恵まれた環境を活かして巧みに応用し、さらに、考えられうる知見も積極的に導入して、「もっと美味しい」を指向する。執念にも似た生産者の魂が込められているから、『西宇和みかん』は格別な美味しさに育つのです。味わってみましょう。
ひと房を包む、じょうのうは薄く、とろけるような食感。強い甘みだけでなく、わずかに酸味も感じられて、食べた瞬間、すぐに美味しいと直感します。溢れ出す豊かな果汁には、陶然となるほど。
「じょうのうが薄く、その分、ジュースが多いことは、現地で試食させてもらったとき、実感しました」中村氏も感じた、じょうのうが薄いという『西宇和みかん』の特性は、コースの中で登場した「roast」で存分に活かされていました。「じょうのうが付いたまま、『西宇和みかん』の実をローストしたんですが、もし、じょうのうが厚かったら、口に残ってしまい、食感も悪くなってしまったはず。ローストすると水分が抜ける分、生で食べるより、じょうのうを強く感じるんです。けれど、『西宇和みかん』はスッと口に入って違和感のない仕上がりになった。roastは『西宇和みかん』だから、うまくいったと思います」
▶詳細は、『西宇和みかん』が見せた、様々な表情。ついに完成した『KIRIKO NAKAMURA』の期間限定デザートコース。
※期間限定コースは終了しました。
テロワールオブ西宇和『西宇和みかん』の魅力をもっと広く伝えるべく、カフェ・カンパニーも協力。
復活版『KIRIKO NAKAMURA』で提供された『西宇和みかん』のフルコースのほかに、今回は、中村氏とカフェ・カンパニーのコラボレーションも実現。
渋谷『WIRED TOKYO 1999』、表参道『発酵居酒屋5』、『フタバフルーツパーラー銀座本店』という3つの店舗で、『西宇和みかん』期間限定スペシャルメニューも登場しました。カフェ・カンパニーでPRを担当する加藤菜緒氏が振り返ります。
▶詳細は、『西宇和みかん』の可能性を伝えるスペシャルスイーツを、スイーツジャーナリスト・平岩理緒氏が実食。
※期間限定メニューは終了しました。
「街も、お店のキャラクターも、いらっしゃるお客様の層やモチベーションも全く異なる3店舗でしたが、総じて、お客様の反応は良く、ときにはオーダーが集中するほどの人気になりました。何より、私たちが重要と考える、お客様とのコミュニケーションが円滑に図れて、本当に良かったと思っています。
『西宇和みかん』が『どういう場所で採れて、どういう人たちが育てていて、今回、こういう人たちと一緒にメニュー開発しています、だから、ぜひ食べてみて下さい』というストーリーが語れた。ストーリーが語れるって、サービスするスタッフにとって、大きな武器になることを再確認しました」
渋谷と銀座のフレンチトーストはどちらもボリューム満点で、ランチとして食べる若い女性もいたそう。みかんは、冬になると家に普通にあって、コタツに入って食べる身近な存在で、身近過ぎるために、外食としてはどうなのか? という意見も社内にはあったそうですが、中村氏のクリエイションと、カフェ・カンパニーのサービス精神が功を奏して、見事、成功を収めたのでした。

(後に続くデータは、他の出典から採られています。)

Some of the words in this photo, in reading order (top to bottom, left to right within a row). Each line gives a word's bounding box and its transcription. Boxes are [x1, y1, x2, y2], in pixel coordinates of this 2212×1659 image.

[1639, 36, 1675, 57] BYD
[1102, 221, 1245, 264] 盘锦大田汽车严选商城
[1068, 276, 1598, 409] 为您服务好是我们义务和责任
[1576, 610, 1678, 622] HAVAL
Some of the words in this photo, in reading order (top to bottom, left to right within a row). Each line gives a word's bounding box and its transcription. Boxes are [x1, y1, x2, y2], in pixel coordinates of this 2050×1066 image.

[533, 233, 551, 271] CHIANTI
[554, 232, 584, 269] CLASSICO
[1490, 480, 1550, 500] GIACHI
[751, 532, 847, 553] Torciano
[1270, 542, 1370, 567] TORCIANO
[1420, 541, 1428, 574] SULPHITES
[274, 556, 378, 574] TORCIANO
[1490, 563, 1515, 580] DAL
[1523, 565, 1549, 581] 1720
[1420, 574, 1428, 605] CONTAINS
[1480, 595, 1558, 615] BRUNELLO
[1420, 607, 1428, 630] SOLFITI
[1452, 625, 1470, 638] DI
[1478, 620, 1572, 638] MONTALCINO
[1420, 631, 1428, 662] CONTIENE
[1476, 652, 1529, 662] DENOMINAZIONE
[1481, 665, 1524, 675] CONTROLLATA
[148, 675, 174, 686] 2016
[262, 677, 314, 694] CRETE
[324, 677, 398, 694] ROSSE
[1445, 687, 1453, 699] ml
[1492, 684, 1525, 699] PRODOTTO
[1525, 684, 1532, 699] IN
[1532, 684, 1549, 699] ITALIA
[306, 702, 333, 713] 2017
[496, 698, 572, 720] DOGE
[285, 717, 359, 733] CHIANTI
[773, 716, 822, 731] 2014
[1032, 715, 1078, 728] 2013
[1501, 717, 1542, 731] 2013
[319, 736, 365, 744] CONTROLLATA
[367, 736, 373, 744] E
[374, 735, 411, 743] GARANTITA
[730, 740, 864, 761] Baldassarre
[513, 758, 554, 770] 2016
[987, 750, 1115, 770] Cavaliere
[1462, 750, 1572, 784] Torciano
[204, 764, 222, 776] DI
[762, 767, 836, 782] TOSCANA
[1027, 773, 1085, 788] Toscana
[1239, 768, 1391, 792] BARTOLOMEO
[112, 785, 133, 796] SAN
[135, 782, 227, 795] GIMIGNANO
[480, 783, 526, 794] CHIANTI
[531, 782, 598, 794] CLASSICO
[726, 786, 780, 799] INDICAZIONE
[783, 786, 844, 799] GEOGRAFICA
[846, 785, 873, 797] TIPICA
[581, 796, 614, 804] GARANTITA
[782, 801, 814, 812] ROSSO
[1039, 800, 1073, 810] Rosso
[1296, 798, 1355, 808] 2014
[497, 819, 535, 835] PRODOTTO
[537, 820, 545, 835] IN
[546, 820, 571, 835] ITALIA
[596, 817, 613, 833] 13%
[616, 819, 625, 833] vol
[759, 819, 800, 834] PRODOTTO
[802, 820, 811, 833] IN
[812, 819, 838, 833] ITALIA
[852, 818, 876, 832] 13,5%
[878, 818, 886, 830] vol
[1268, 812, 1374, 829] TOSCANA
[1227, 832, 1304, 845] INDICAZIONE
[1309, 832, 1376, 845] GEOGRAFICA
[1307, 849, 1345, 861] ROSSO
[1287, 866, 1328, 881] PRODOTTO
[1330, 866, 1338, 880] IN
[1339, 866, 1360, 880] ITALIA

「ただフレッシュで食べるだけでは感じられない、みかんの美味しさがあることを知りました。温めるのもアリだなって個人的には思いましたし、紅茶と柑橘の組み合わせを、オレンジでなく『西宇和みかん』でやってしまったというのも面白かった」と加藤氏。
テロワールオブ西宇和挑戦することで見えてきた、『西宇和みかん』の新たな可能性。
煌めく海を眺めながら、みかん畑に立っていると、「平和」という言葉が自然と脳裏に浮かびます。温かくて心地良い。温暖な気候は、人も穏やかにするのでしょう。西宇和で出逢った生産者やJA関係者、それから、食堂や道の駅のスタッフ、誰もが一様に笑顔で、取材班を見つけると、人懐っこく話しかけてきます。
「どっから来たん?」「何しとるん?」
取材班に、同じ愛媛県の松山市内で生まれ育った人間がひとりいましたが、西宇和人の笑顔を見ながら、言いました。「南予の方々は特に人懐っこいかもしれませんね。闘争心のようなものがまるでない(笑)」
『西宇和みかん』が格別に美味しいのは、こうした人たちが作り、温暖な風土が育んできたからにほかなりません。そして、『西宇和みかん』を美味しいみかんとしてだけでなく、ひとつの素材として捉えたとき、可能性は大きく広がることを、中村氏やカフェ・カンパニーを通じて知ることもできました。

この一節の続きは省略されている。